OPINIÃO

O Crepúsculo da Justiça

Por Marcos Cintra |
| Tempo de leitura: 3 min

A célebre indagação de Cícero ao Senado Romano, “Quousque tandem abutere, Catilina, patientia nostra?” (Até quando, Catilina, abusarás da nossa paciência?), nunca soou tão atual e necessária no cenário brasileiro. O que assistimos hoje não é apenas uma crise institucional passageira, mas o ápice de uma decomposição moral que emana da cúpula do Poder Judiciário. O Supremo Tribunal Federal (STF), que deveria ser o bastião da Constituição e o refúgio da sobriedade democrática, transformou-se em um epicentro de desavenças, vaidades e, tragicamente, de uma depravação de costumes que choca a nação.

A promiscuidade exibida entre membros da alta corte, banqueiros e políticos de índole questionável não é apenas um deslize ético; é uma afronta direta ao cidadão comum que ainda acredita no império da lei. Quando ministros se envolvem em bate-bocas públicos, trocando acusações que variam de desonestidade intelectual a chantagens de bastidores, a liturgia do cargo é assassinada em praça pública. O ambiente tóxico que se instalou nos gabinetes de Brasília não fica restrito ao Planalto Central; ele escorre pelas instituições, contamina as relações sociais e projeta uma imagem de "república de bananas" perante a comunidade internacional.

A gravidade da situação reside na perda total da decência. O relato de desonestidade intelectual dentro dos próprios gabinetes sugere que a interpretação da lei se tornou um joguete de interesses pessoais e políticos, e não um exercício de busca pela justiça. Essa podridão, como bem define o sentimento popular, agride a consciência de quem ainda possui valores morais sólidos. O mais doloroso é perceber que esses títeres imorais parecem ter perdido a capacidade de sentir vergonha. Eles agem como se estivessem acima de qualquer escrutínio, ignorando que o exemplo que dão hoje é o veneno que nossos filhos beberão amanhã.

Quando o guardião da lei se torna o seu maior transgressor moral, o contrato social é rompido. O sistema, esticado ao seu limite máximo pela arrogância e pela impunidade, dá sinais claros de que pode explodir a qualquer momento. No entanto, é precisamente nesse cenário de terra arrasada que reside a semente de uma nova esperança. A história nos ensina que sistemas apodrecidos costumam ruir sob o peso da própria imoralidade, abrindo espaço para que algo novo e mais íntegro possa florescer.

A reação, entretanto, não pode ser passiva. Não se trata de incitar a violência, mas de exigir uma depuração profunda. Que cada brasileiro reaja como puder: através do voto consciente, da pressão popular, da denúncia constante e da educação das novas gerações. Antes que tudo "vá pelos ares", é preciso que a sociedade civil retome o protagonismo moral do país. A hora dessa gente vai chegar, não por um ato de vingança, mas pela força inevitável da justiça histórica que não tolera a depravação eterna.

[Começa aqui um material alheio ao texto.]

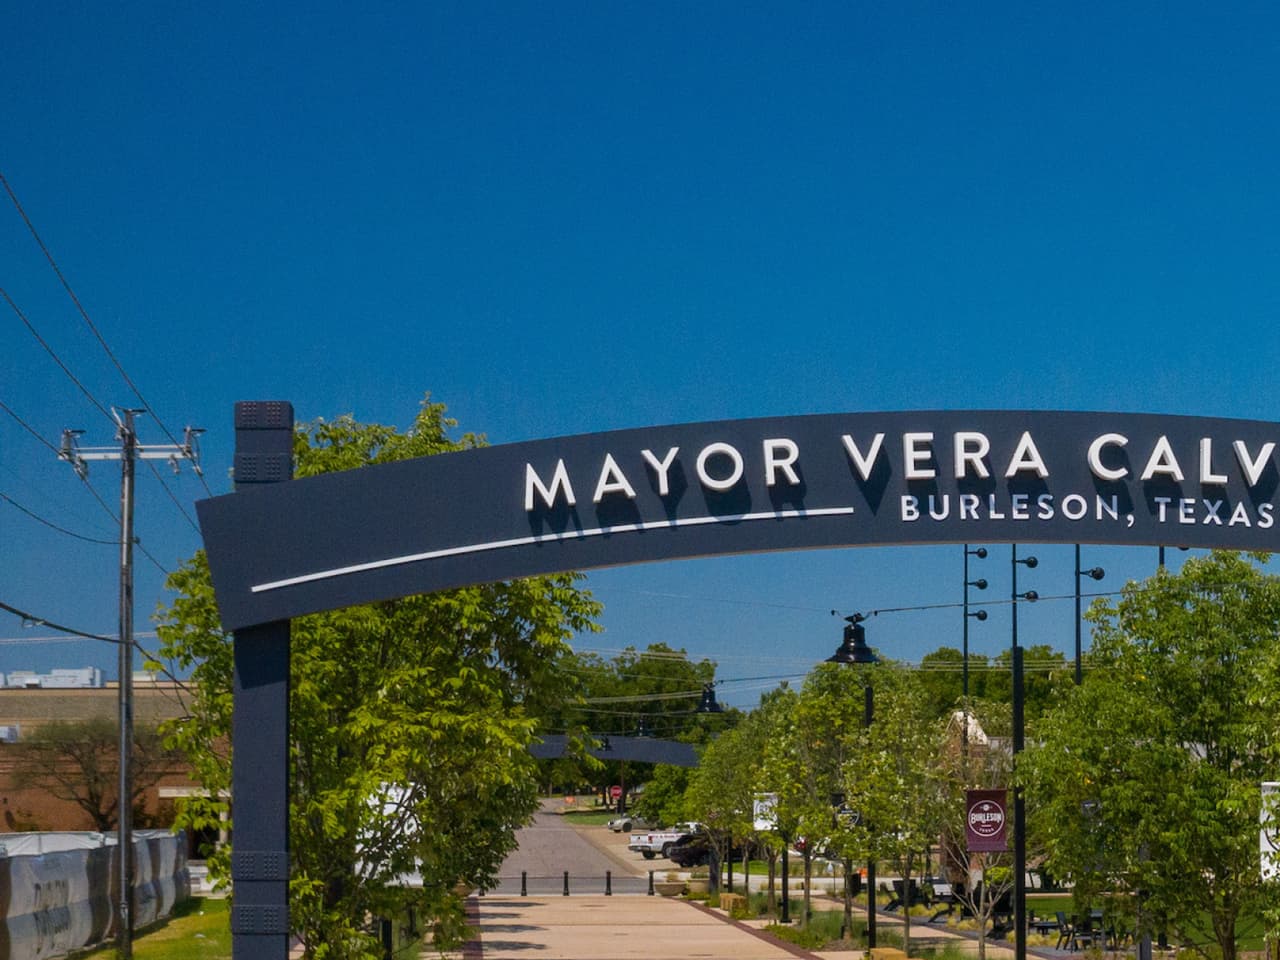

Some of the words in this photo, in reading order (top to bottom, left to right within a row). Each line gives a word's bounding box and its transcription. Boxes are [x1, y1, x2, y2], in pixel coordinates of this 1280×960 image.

Precisamos de um STF que volte a ser técnico, silencioso e respeitável. Um tribunal que não precise de holofotes, mas de integridade. Até que esse dia chegue, a pergunta de Cícero continuará ecoando em nossas mentes, servindo como um lembrete de que a paciência de um povo tem limite e que a esperança de um novo Brasil depende da coragem de enfrentar a podridão que hoje nos governa das sombras das togas.

Doutor em Economia por Harvard, Marcos Cintra é atualmente professor titular da Fundação Getúlio Vargas.